The half-life of AFP is approximately 5 days.
Elevated AFP levels are rare in pure seminomas and indicate that nonseminomatous elements are also present (ie, mixed tumor).[15]
Lactate dehydrogenase: The LDH level is an independent prognostic factor in patients with germ cell tumors (including seminoma). It is thought to reflect tumor burden.
Plain chest radiography and CT scanning of the abdomen and pelvis are the most important radiologic investigations in determining the extent of disease in patients with seminoma.[16]
Imaging studies of the chest should be done to rule out pulmonary parenchymal metastases.
CT scanning of the abdomen or MRI are to be performed for identifying the presence and extent of retroperitoneal lymphadenopathy and is necessary in all patients; it has largely replaced bipedal LAG in the radiographic staging of patients with seminoma. Retroperitoneal lymph nodes measuring 1-2 cm are confirmed to be pathologically involved with metastatic tumor in approximately 70% of cases.
Although radiologists skilled in the technique are increasingly difficult to find, bipedal LAG is uniquely able to define abnormal lymph nodes by both size and internal architecture, unlike CT scanning. In addition, LAG is useful to the radiation oncologist, who is able to minimize irradiation of normal tissues when such a study is available to facilitate portal design. Currently, this test is not widely used because of the difficulty in finding radiologists who are experts in this technique.
Further radiologic investigation are obtained to rule out metastatic disease (eg, CT or MRI of the primary site as well as brain in select patients).
The typical testicular tumor is intratesticular and may produce one or more discrete hypoechoic masses or diffuse abnormalities with microcalcifications that can be detected using scrotal ultrasonography. Calcifications are more frequent in seminoma than in nonseminomatous tumors.
Grossly, seminomas are pale gray–to-yellow nodules that are uniform or slightly lobulated. Pure seminomas are subdivided into 3 subtypes based on histopathologic characteristics.

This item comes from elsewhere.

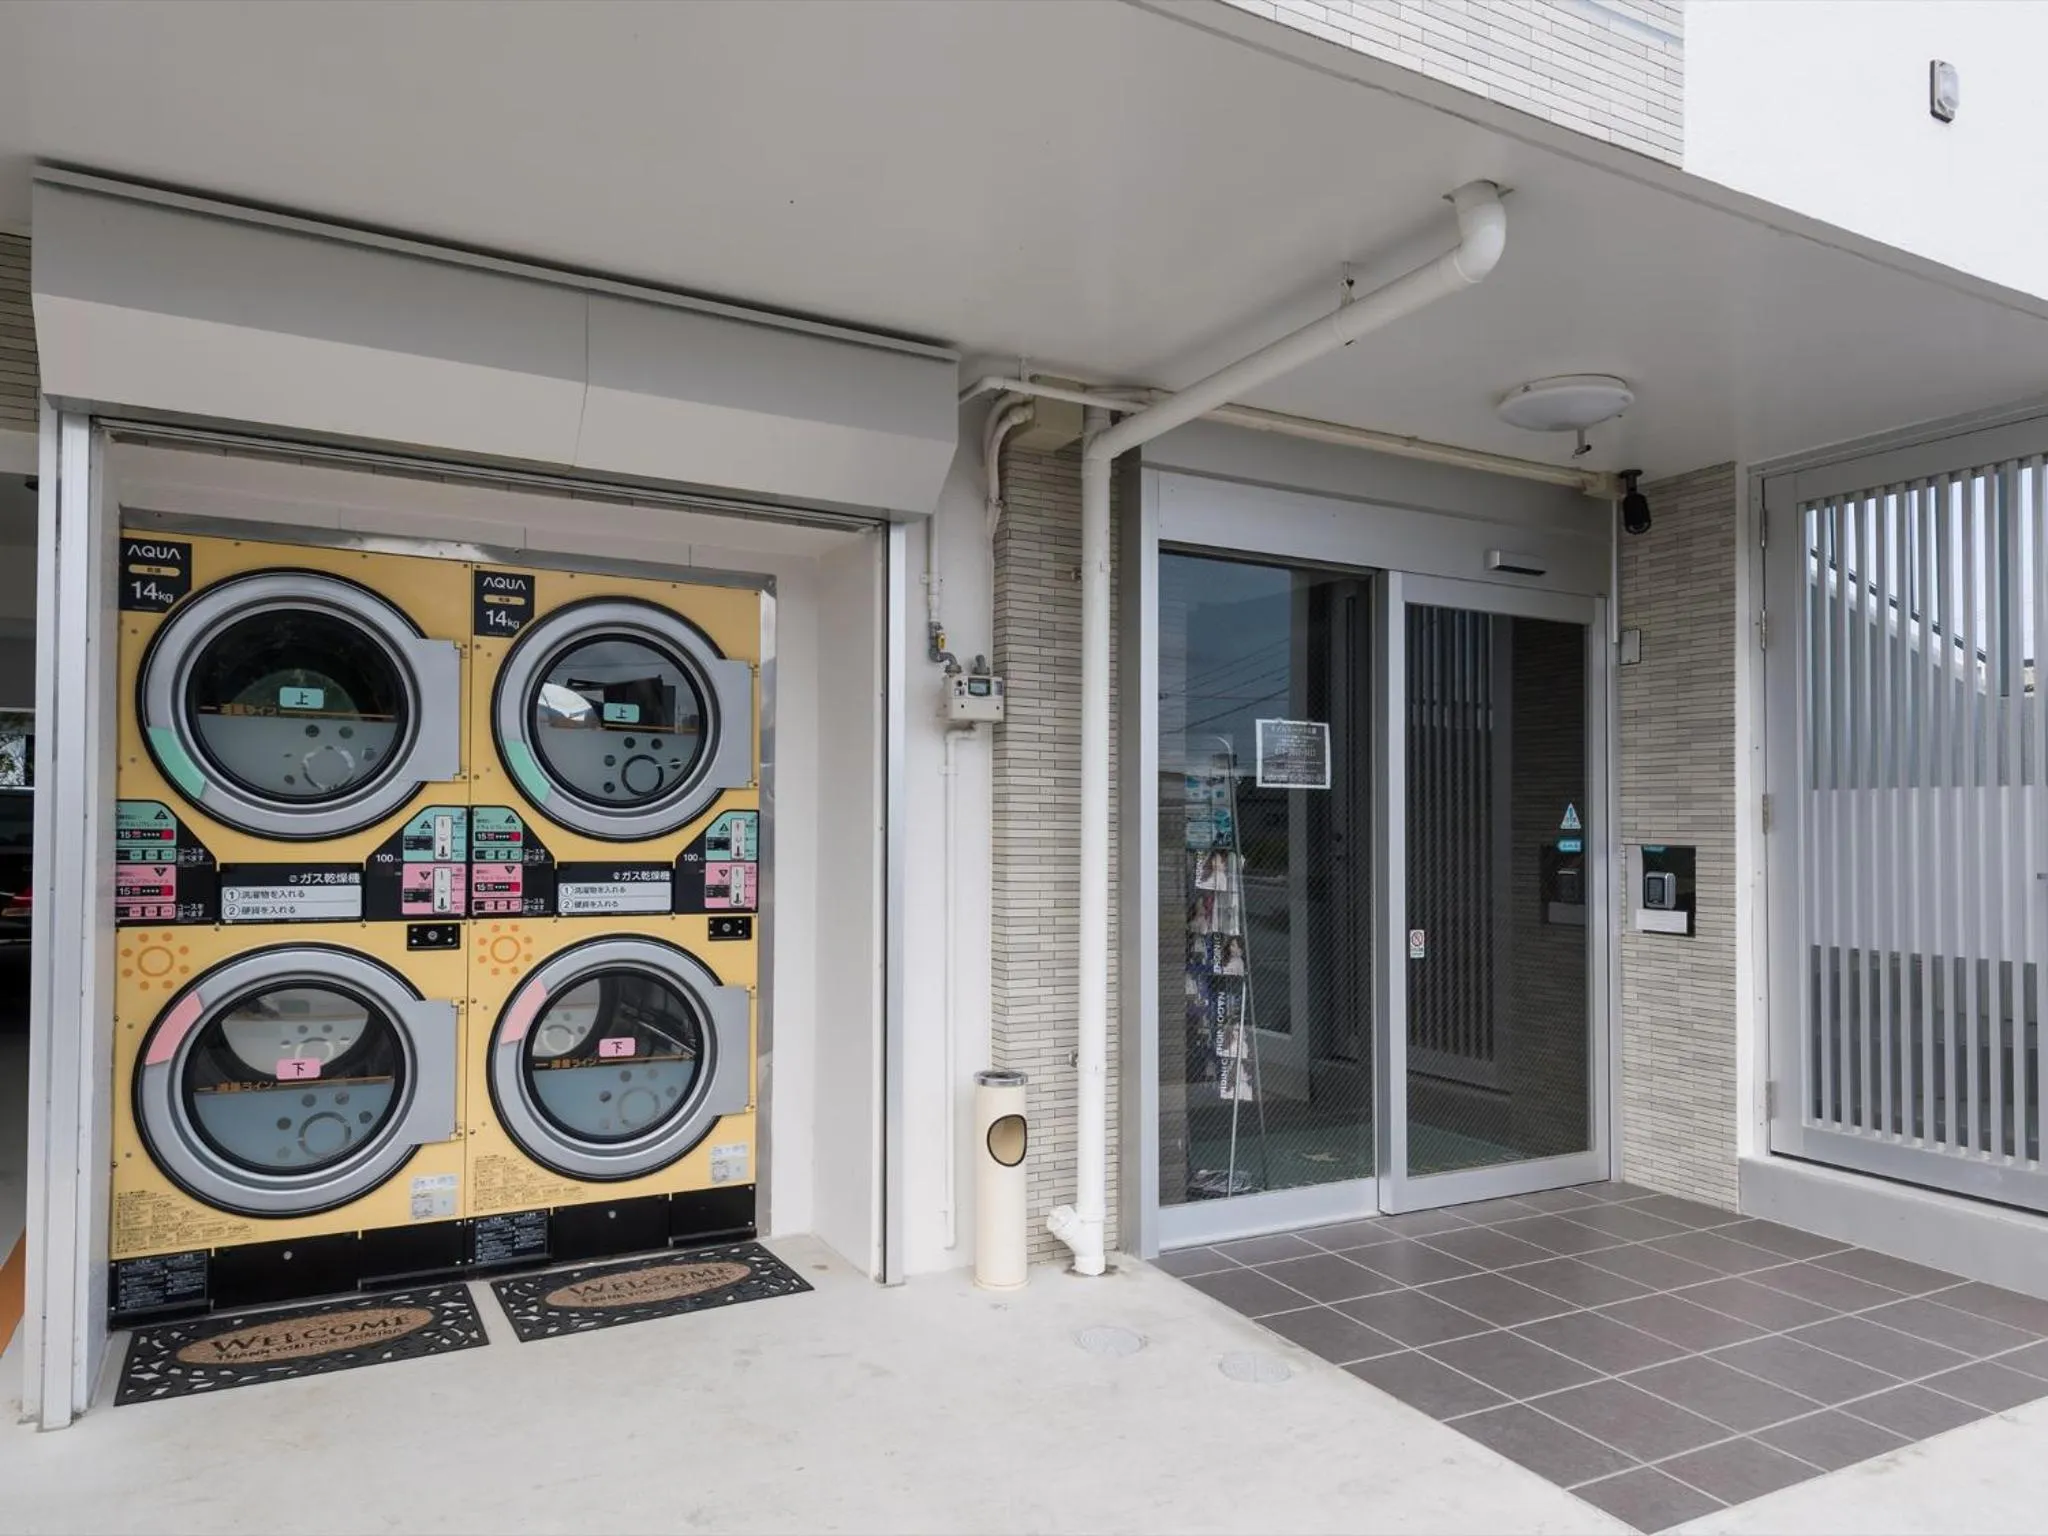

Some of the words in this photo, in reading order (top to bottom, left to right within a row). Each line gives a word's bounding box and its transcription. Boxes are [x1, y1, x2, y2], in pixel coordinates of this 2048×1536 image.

Classic seminomas (85%) demonstrate a monotonous sheet of large cells with abundant cytoplasm and round hyperchromatic nuclei with prominent nucleoli. A lymphocytic infiltrate or granulomatous reaction with giant cells or both is frequently present. Trophoblastic giant cells capable of producing hCG are present in 15-20% of tumors. Mitoses are infrequent.
Anaplastic seminoma (10%) is an older term used to describe seminomas with 3 or more mitotic figures per high-power field. This finding has no clinical or prognostic significance because the response of anaplastic seminomas to standard therapy is equivalent to that of classic seminomas.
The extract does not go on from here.